Summerskill gives Blair a “B-plus” on gay issues during his decade in office. But two of the changes wrought by Blair — allowing gay men and women to serve in the military, and equalizing the age of consent for homosexuals and heterosexuals at 16 — were in fact ordered by the European Court of Human Rights. And a ban on discrimination against gays in the workplace was decided on by the European Union’s Council of Ministers (although the U.K. was the third E.U. country to enshrine that measure in its national laws).

 

Blair did back repeal of the notorious Section 28, which prohibited local authorities from “promoting homosexuality.” In practice, this meant local governments and school boards were prevented from distributing any material, whether plays, leaflets, books, or any other material that portrayed gay relationships as anything other than abnormal. Teachers and educational staff in some cases were afraid of discussing gay issues with students for fear of losing state funding, and local authorities shut down support groups for LGBT students for fear of violating Section 28.

 

However, as openly gay MP Williams pointed out to Gay City News, “The Blair government initially introduced repeal of Section 28 into the House of Lords, where it was sure to be defeated” — as indeed it was on two occasions — “which also prevented the House of Commons from taking up repeal. If Blair had put repeal into the Commons, it could have happened as early as 1999.” Section 28 was only repealed in 2003.

 

And OutRage’s Tatchell points out that, “”The Blair government is refusing asylum to lesbians and gays who have been jailed, tortured and raped in countries like Iraq, Jamaica, Iran, Algeria, Zimbabwe and Uganda.

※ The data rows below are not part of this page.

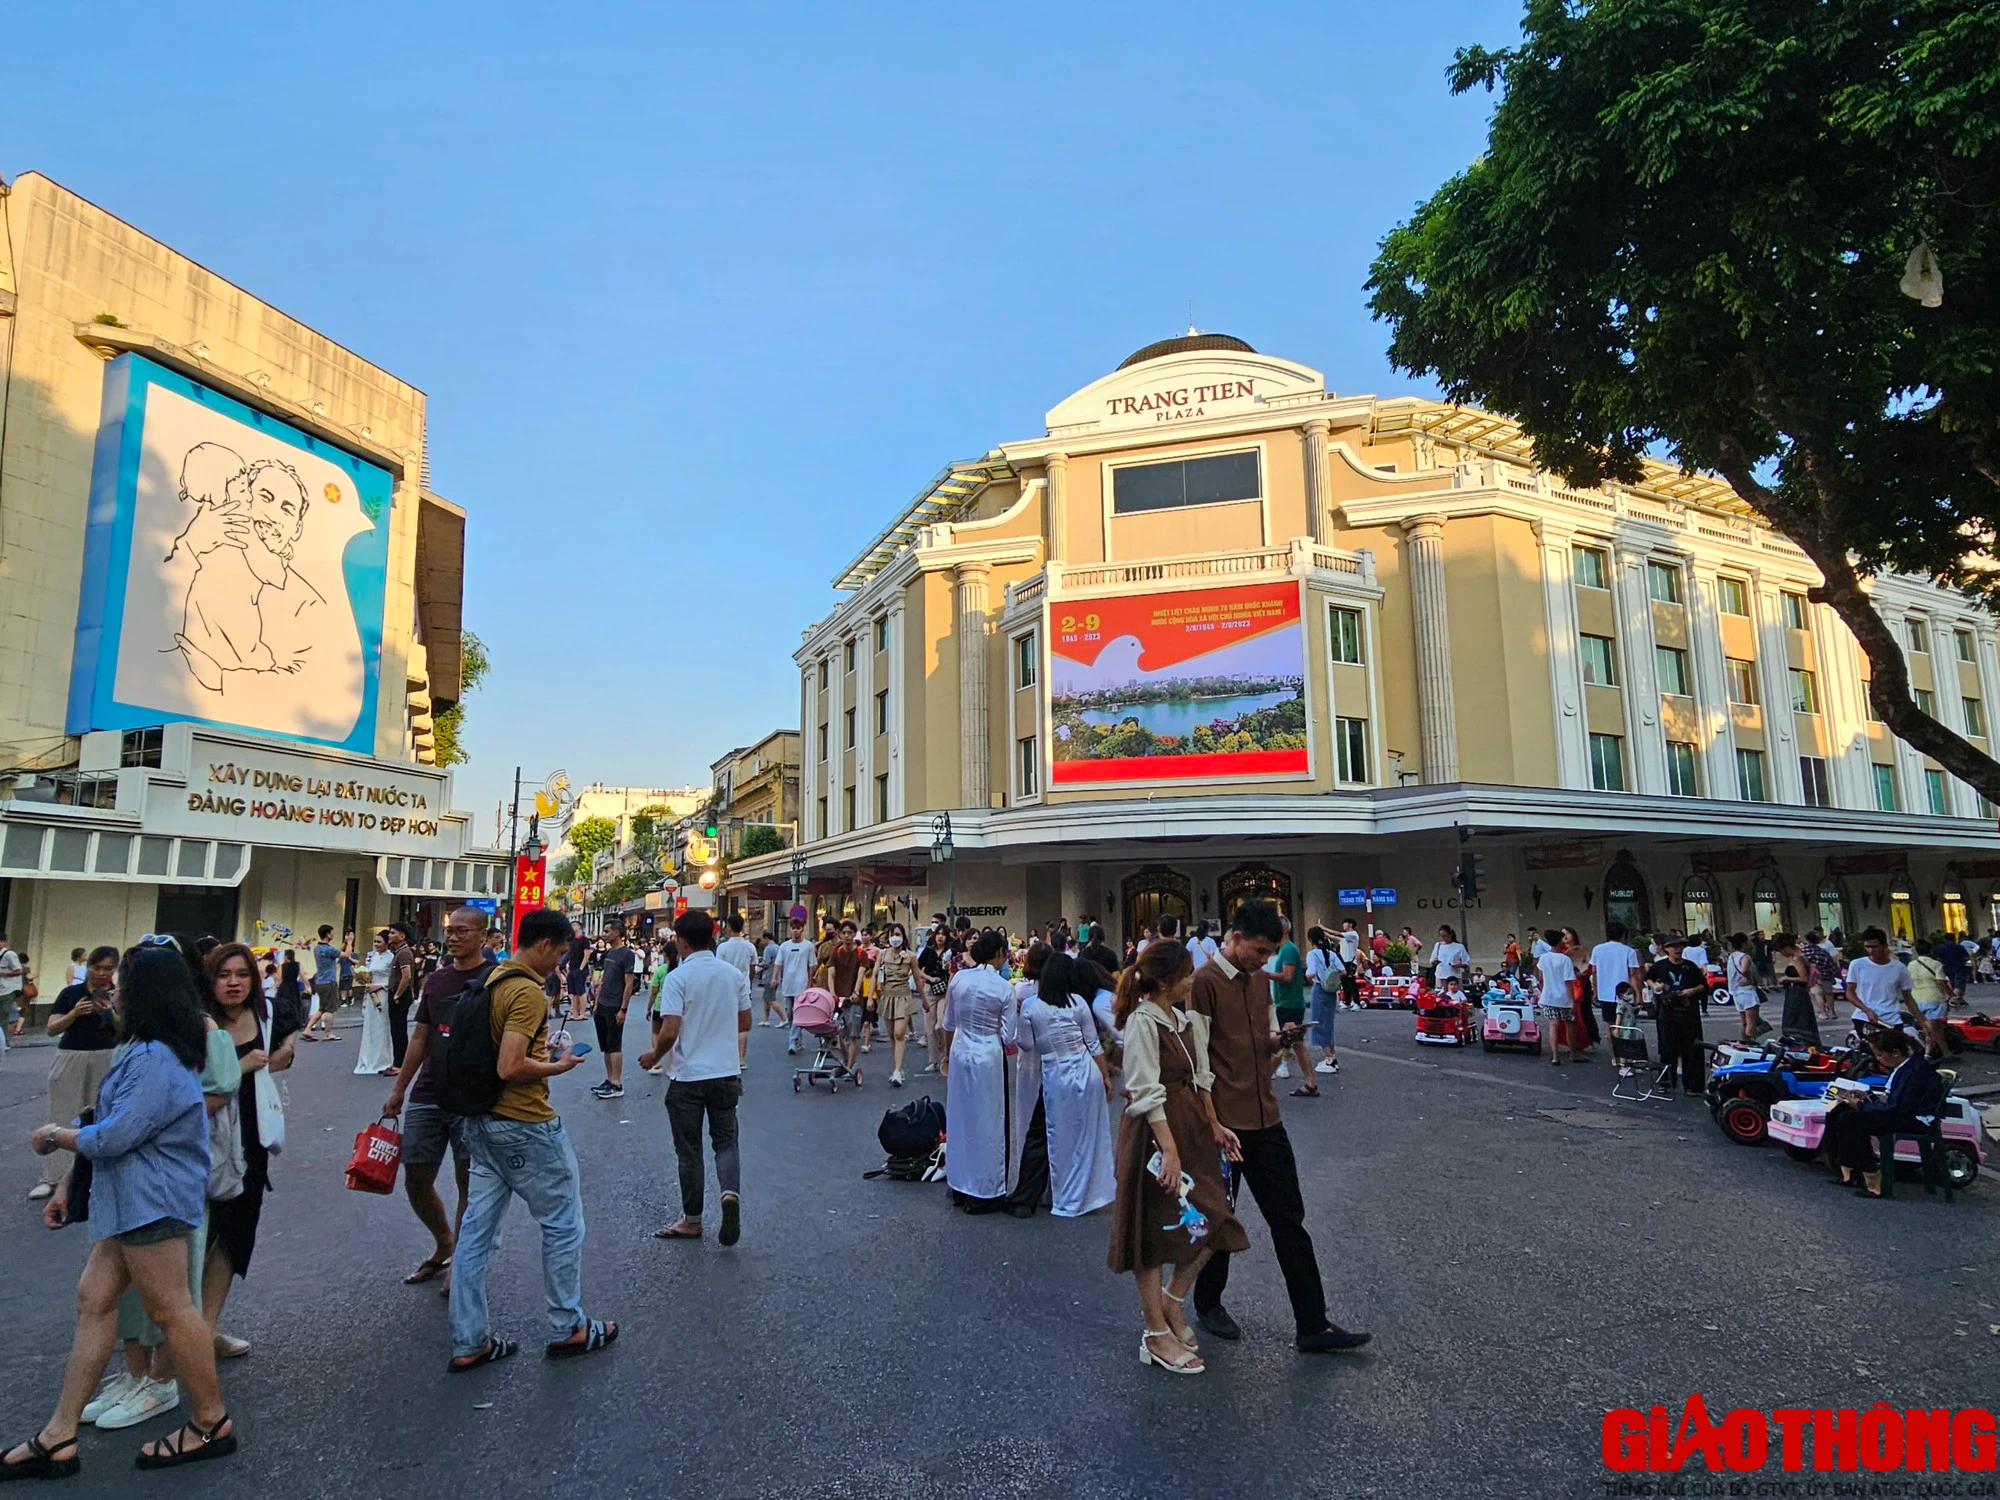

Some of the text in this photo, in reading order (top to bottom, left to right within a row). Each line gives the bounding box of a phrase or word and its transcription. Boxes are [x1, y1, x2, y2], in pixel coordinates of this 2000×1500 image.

[1106, 379, 1255, 416] TRANG TIEN
[1156, 407, 1205, 421] PLAZA
[1061, 614, 1100, 633] 2-9
[1062, 634, 1078, 643] 1945
[1084, 632, 1101, 641] 2023
[208, 762, 427, 809] XÂY DỤNG LẠI ĐẤT NƯỚC TA
[188, 788, 438, 836] ĐÀNG HOÀNG HƠN TO ĐẸP HƠN
[1610, 890, 1634, 898] HUBLOT
[1756, 891, 1777, 899] GUCCI
[1416, 897, 1482, 909] GUCCI
[367, 1147, 393, 1165] CITY

The Home Office says they won’t be at risk of arrest and murder if they hide their sexuality and behave ‘with discretion’. Labour is ordering the deportation of lesbian and gay refugees despite the danger that they could be imprisoned or killed.”

 

In 2005, Blair shocked Democratic members of Congress here by using the British Embassy in Washington to snaggle an internship for his then-21-year-old son, Euan, with Republican Congressman David Dreier of California — at the time a member of the GOP House leadership team as chairman of the Rules Committee, and a notoriously closeted homosexual hypocrite who supports the Republicans’ anti-gay political agenda and consistently votes against gay equality measures.

 

Homosexuality was not decriminalized in the U.K. until 1967 — when Labour Prime Minister Harold Wilson supported legislation implementing the recommendations of the Wolfenden Report, a 1957 government study of the laws making same-sex relations a crime, and recommending their repeal, that had been shelved by then-Prime Minister Harold MacMillan, a Conservative.

 

 

Doug Ireland, a longtime radical journalist and media critic, runs the blog DIRELAND, where this article appeared Jan. 31, 2007. This article was written for Gay City News, New York’s largest gay weekly.